Text-to-region grounding data:
-- Opening Marker --

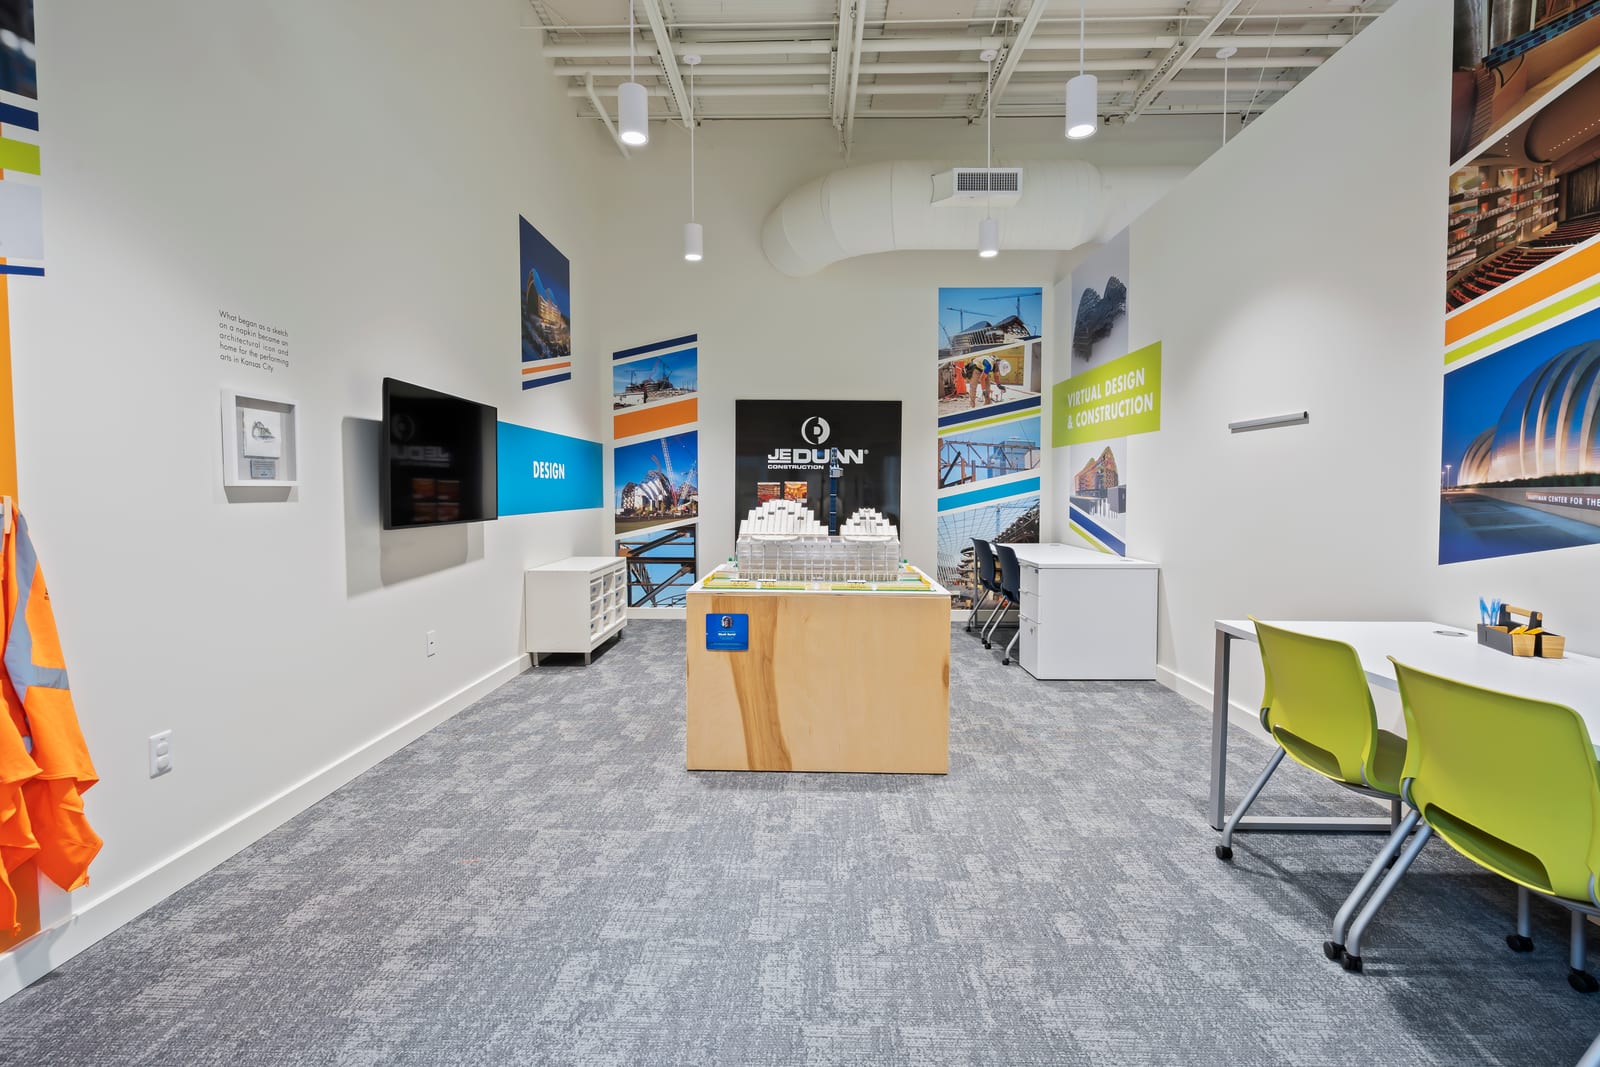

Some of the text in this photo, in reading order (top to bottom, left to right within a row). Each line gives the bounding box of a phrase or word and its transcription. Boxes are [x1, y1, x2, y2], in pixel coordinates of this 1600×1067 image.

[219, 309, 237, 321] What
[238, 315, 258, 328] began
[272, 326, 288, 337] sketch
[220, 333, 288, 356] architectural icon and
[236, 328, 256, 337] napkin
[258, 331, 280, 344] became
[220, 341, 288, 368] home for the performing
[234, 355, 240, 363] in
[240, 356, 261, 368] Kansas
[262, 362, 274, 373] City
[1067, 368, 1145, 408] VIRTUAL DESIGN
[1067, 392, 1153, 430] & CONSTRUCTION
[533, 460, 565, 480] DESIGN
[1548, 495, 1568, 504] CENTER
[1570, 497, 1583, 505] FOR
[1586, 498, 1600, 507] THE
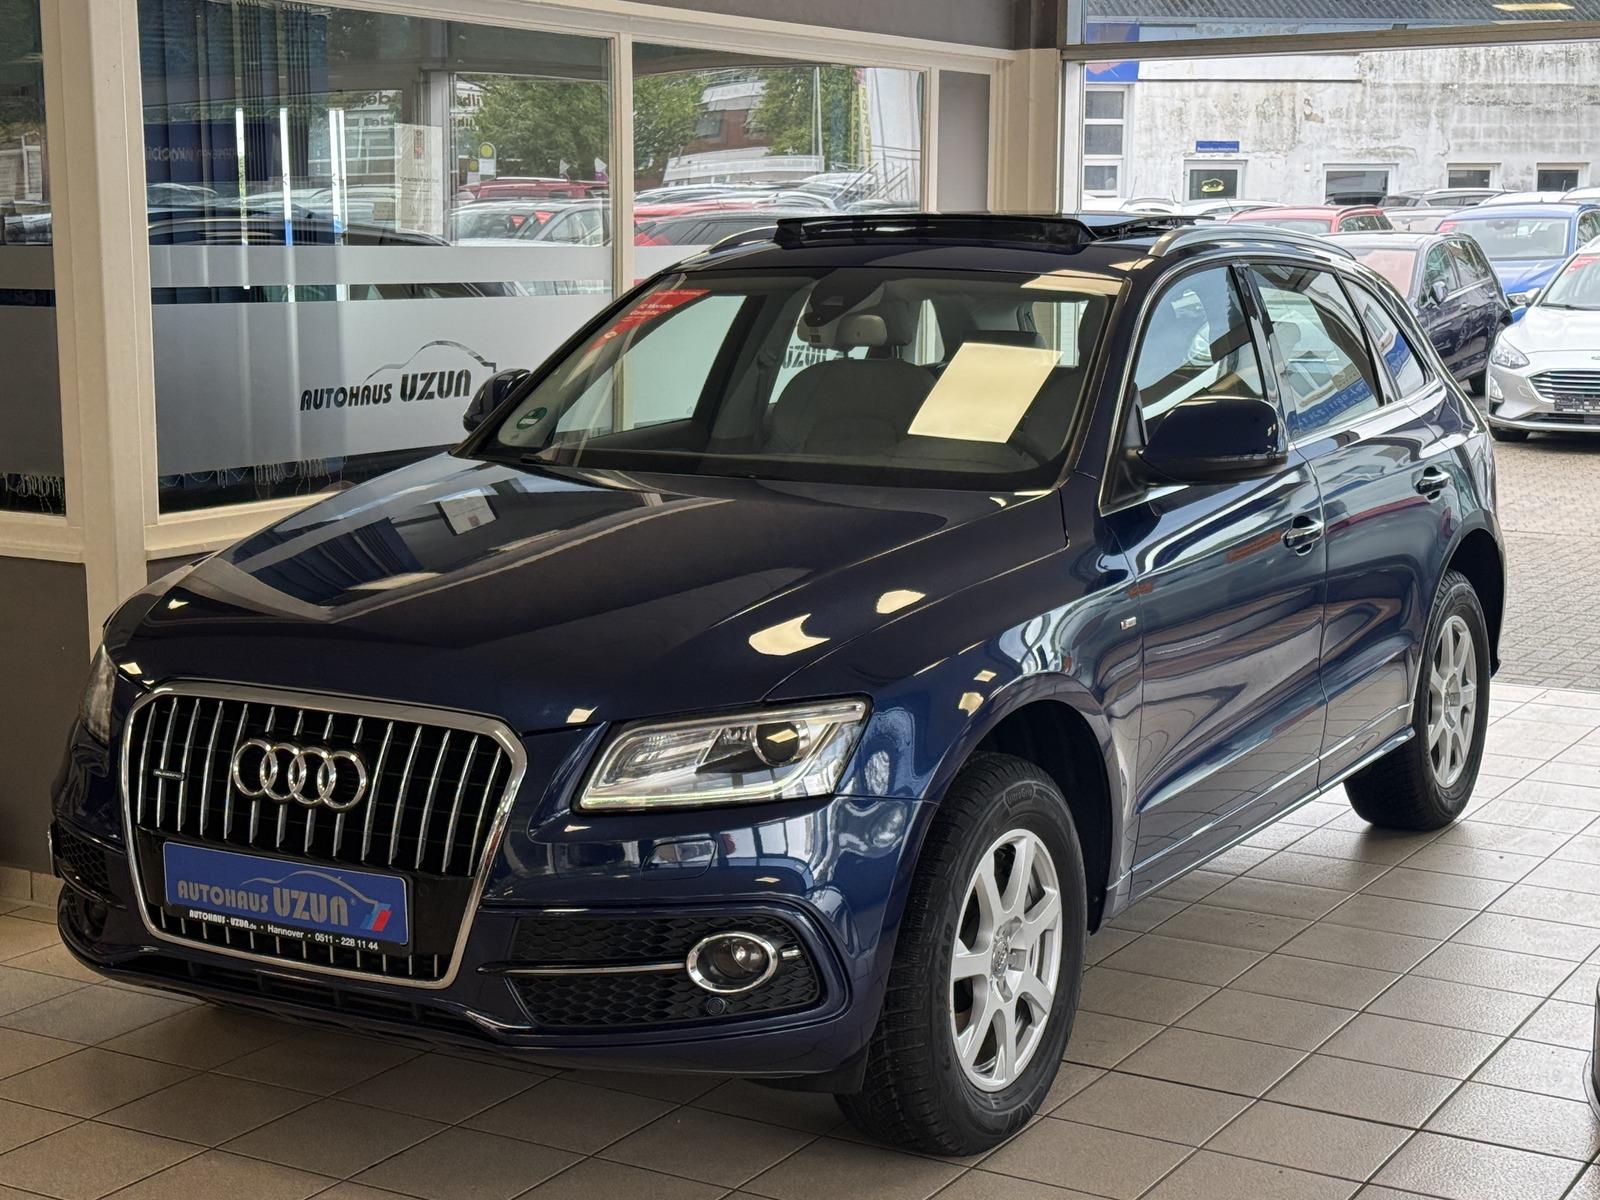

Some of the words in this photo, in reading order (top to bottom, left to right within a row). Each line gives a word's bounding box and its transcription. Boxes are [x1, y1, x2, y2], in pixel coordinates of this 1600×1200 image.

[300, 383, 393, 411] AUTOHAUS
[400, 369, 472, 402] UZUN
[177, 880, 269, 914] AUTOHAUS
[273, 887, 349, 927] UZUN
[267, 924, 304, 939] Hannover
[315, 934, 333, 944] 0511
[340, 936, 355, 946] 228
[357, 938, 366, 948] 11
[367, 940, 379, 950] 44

-- Closing Marker --

> EXERCISE DESCRIPTION
Only one span is to be repeated: the line with "Some of the words" through the final line of the entries above, word for word.

> SOLUTION TO THIS PROBLEM
Some of the words in this photo, in reading order (top to bottom, left to right within a row). Each line gives a word's bounding box and its transcription. Boxes are [x1, y1, x2, y2], in pixel coordinates of this 1600×1200 image.

[300, 383, 393, 411] AUTOHAUS
[400, 369, 472, 402] UZUN
[177, 880, 269, 914] AUTOHAUS
[273, 887, 349, 927] UZUN
[267, 924, 304, 939] Hannover
[315, 934, 333, 944] 0511
[340, 936, 355, 946] 228
[357, 938, 366, 948] 11
[367, 940, 379, 950] 44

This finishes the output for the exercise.